- [ACTION ITEM] Skip the images and repeat every entry word for word.

- [SOURCE INFORMATION]
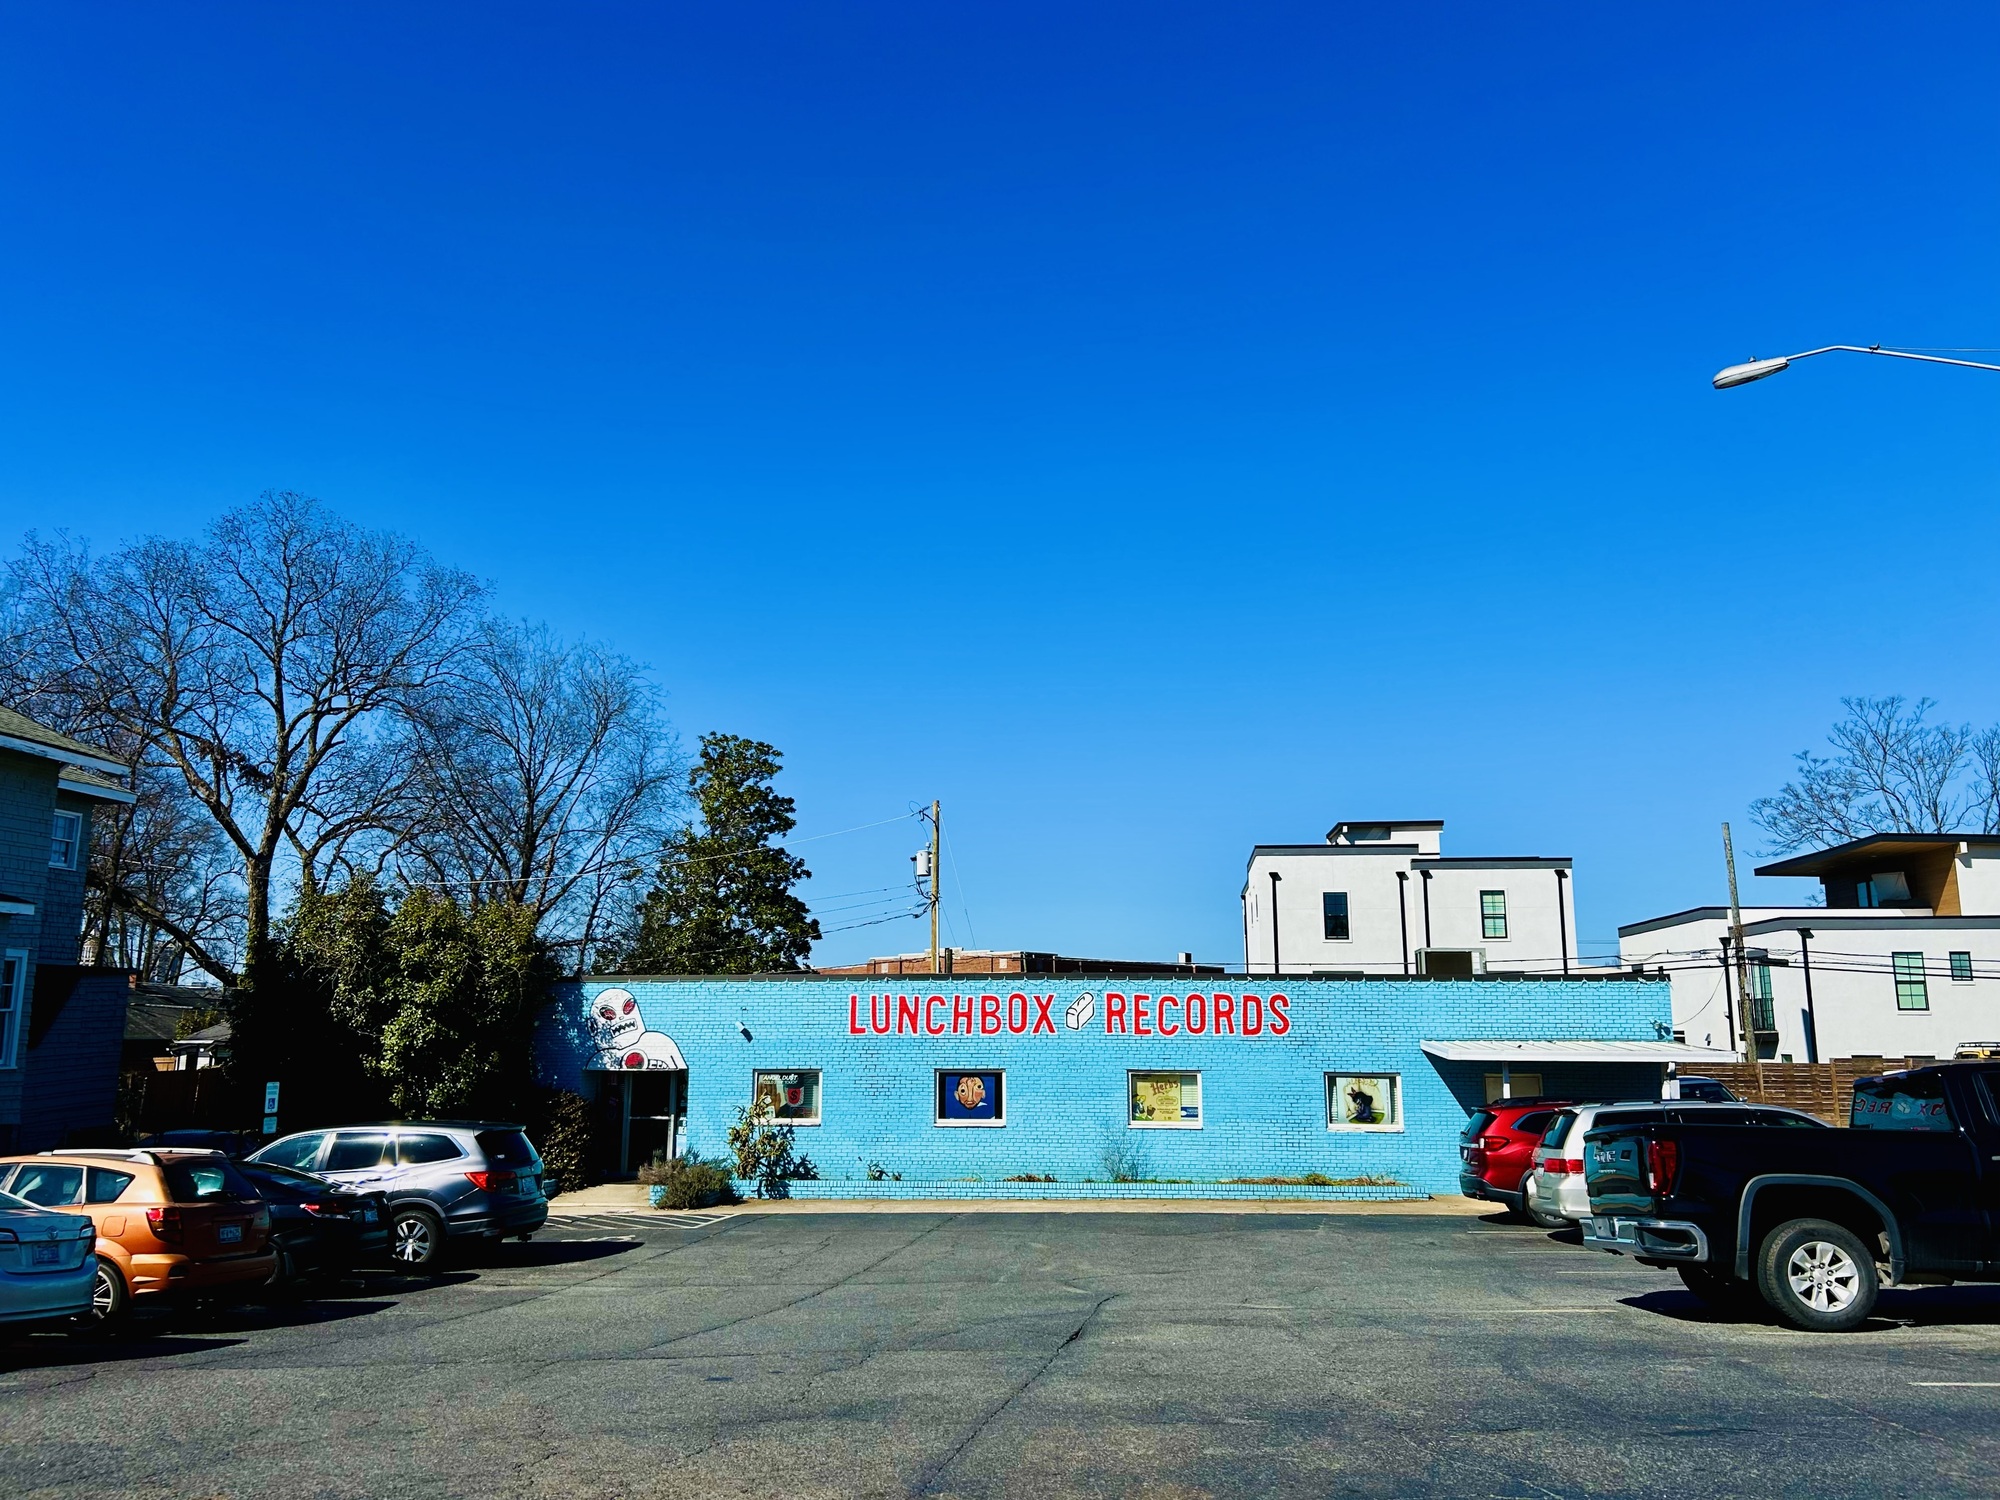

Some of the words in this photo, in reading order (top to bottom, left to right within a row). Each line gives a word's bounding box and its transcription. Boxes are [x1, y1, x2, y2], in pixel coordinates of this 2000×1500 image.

[848, 993, 1057, 1035] LUNCHBOX
[1105, 993, 1291, 1036] RECORDS
[1150, 1080, 1179, 1096] Herbs
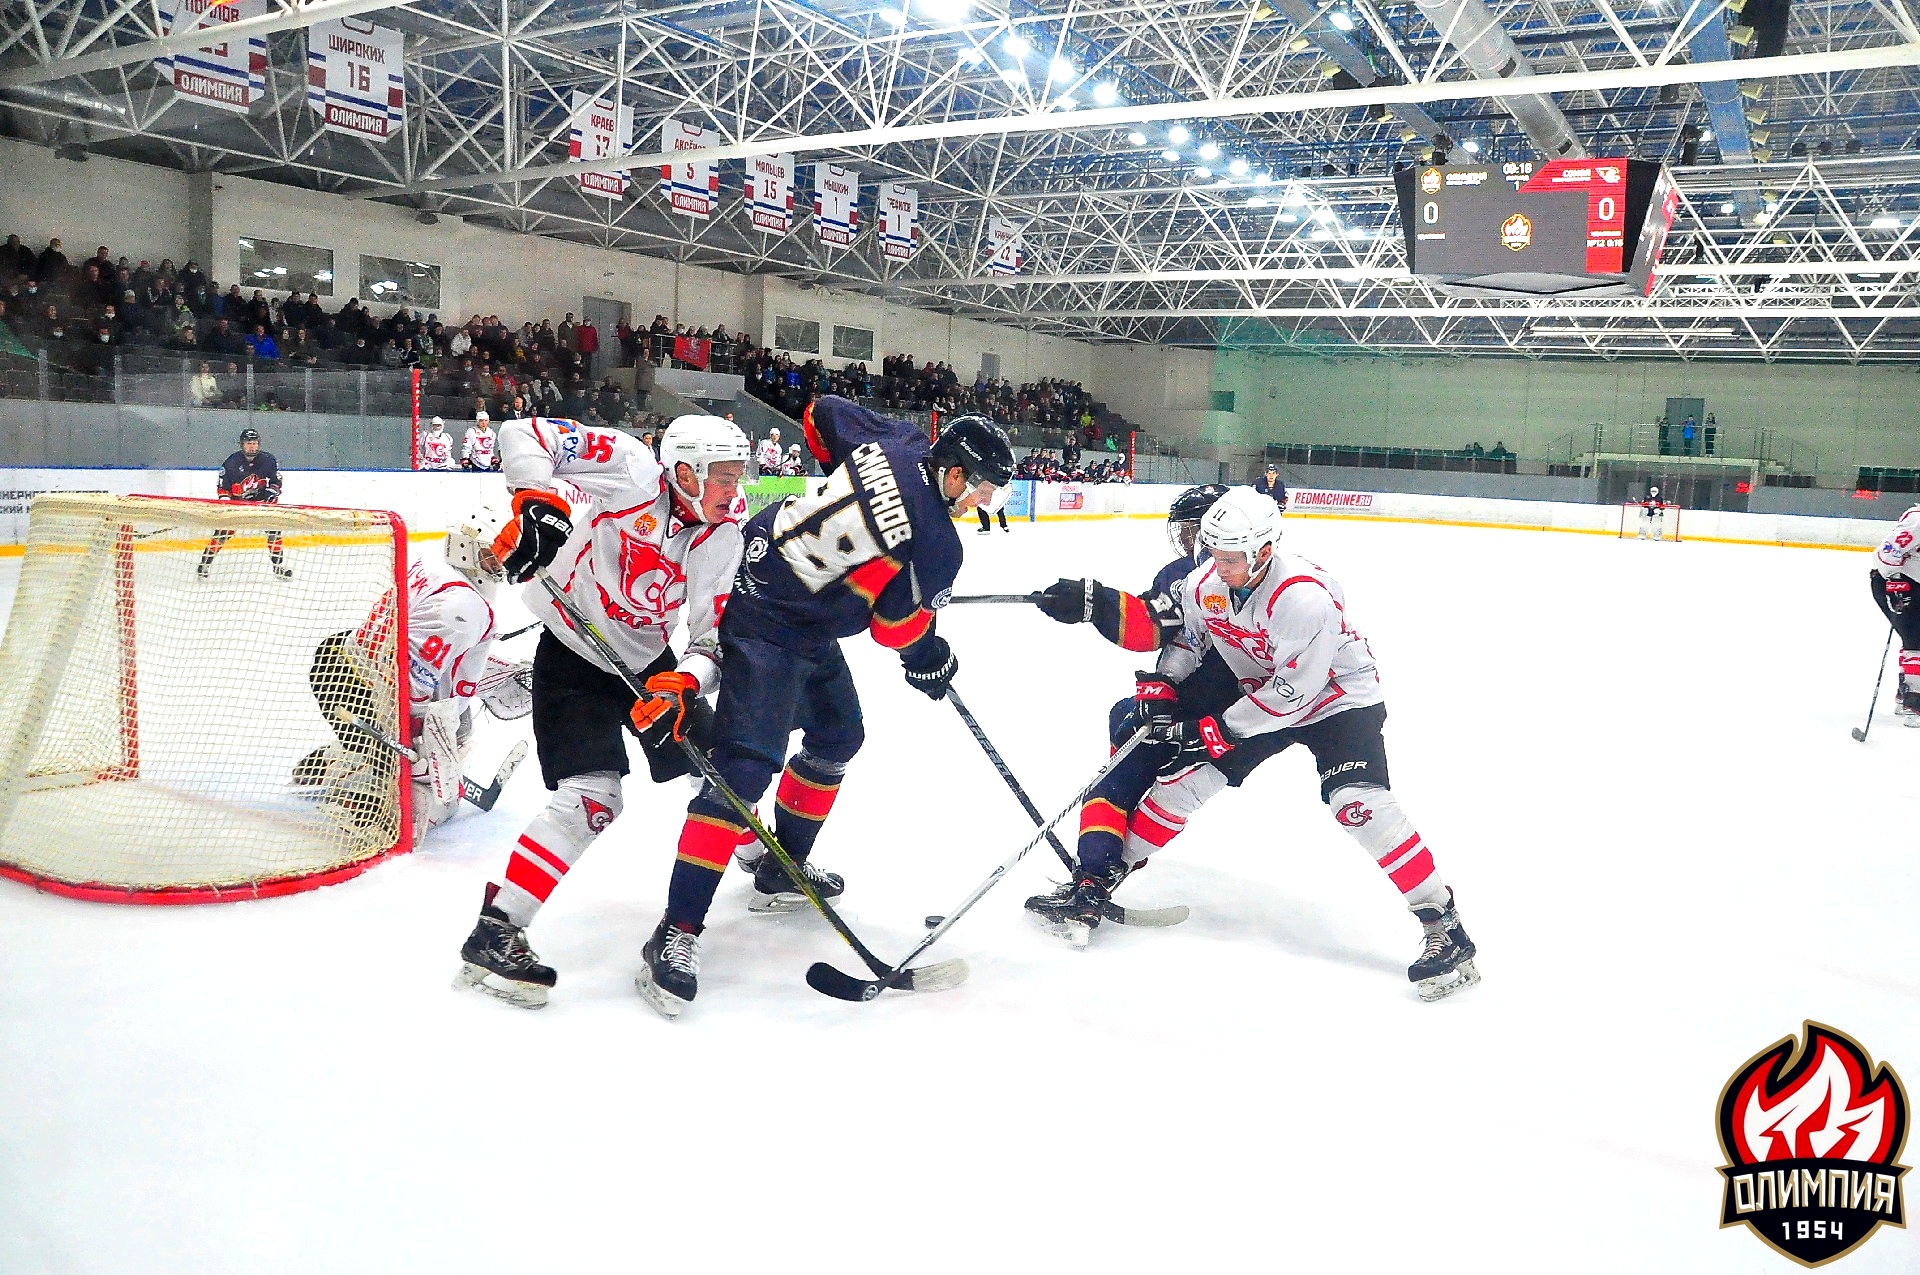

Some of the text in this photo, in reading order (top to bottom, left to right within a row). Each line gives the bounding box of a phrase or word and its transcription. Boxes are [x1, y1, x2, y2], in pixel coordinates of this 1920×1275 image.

[328, 34, 385, 64] ШИРОКИХ
[181, 74, 243, 103] ОЛИМПИЯ
[347, 61, 370, 92] 16
[330, 107, 383, 135] ОЛИМПИЯ
[591, 114, 615, 133] КРАЕВ
[755, 158, 785, 179] МАЛЬЦЕВ
[584, 173, 621, 192] ОЛИМПИЯ
[764, 179, 778, 200] 15
[674, 195, 708, 215] ОЛИМПИЯ
[1422, 201, 1440, 225] 0
[1598, 197, 1615, 221] 0
[852, 442, 912, 550] СМИРНОВ
[1294, 491, 1373, 507] REDMACHINE.RU
[1212, 508, 1228, 522] 11
[420, 635, 452, 671] 91

- [YOUR RESPONSE]
Some of the words in this photo, in reading order (top to bottom, left to right within a row). Each line gives a word's bounding box and its transcription. Boxes are [x1, y1, x2, y2], in pixel coordinates of this 2000×1500 image.

[848, 993, 1057, 1035] LUNCHBOX
[1105, 993, 1291, 1036] RECORDS
[1150, 1080, 1179, 1096] Herbs

Some of the text in this photo, in reading order (top to bottom, left to right within a row). Each line gives the bounding box of a phrase or word and its transcription. Boxes are [x1, y1, x2, y2], in pixel coordinates of this 1920×1275 image.

[328, 34, 385, 64] ШИРОКИХ
[181, 74, 243, 103] ОЛИМПИЯ
[347, 61, 370, 92] 16
[330, 107, 383, 135] ОЛИМПИЯ
[591, 114, 615, 133] КРАЕВ
[755, 158, 785, 179] МАЛЬЦЕВ
[584, 173, 621, 192] ОЛИМПИЯ
[764, 179, 778, 200] 15
[674, 195, 708, 215] ОЛИМПИЯ
[1422, 201, 1440, 225] 0
[1598, 197, 1615, 221] 0
[852, 442, 912, 550] СМИРНОВ
[1294, 491, 1373, 507] REDMACHINE.RU
[1212, 508, 1228, 522] 11
[420, 635, 452, 671] 91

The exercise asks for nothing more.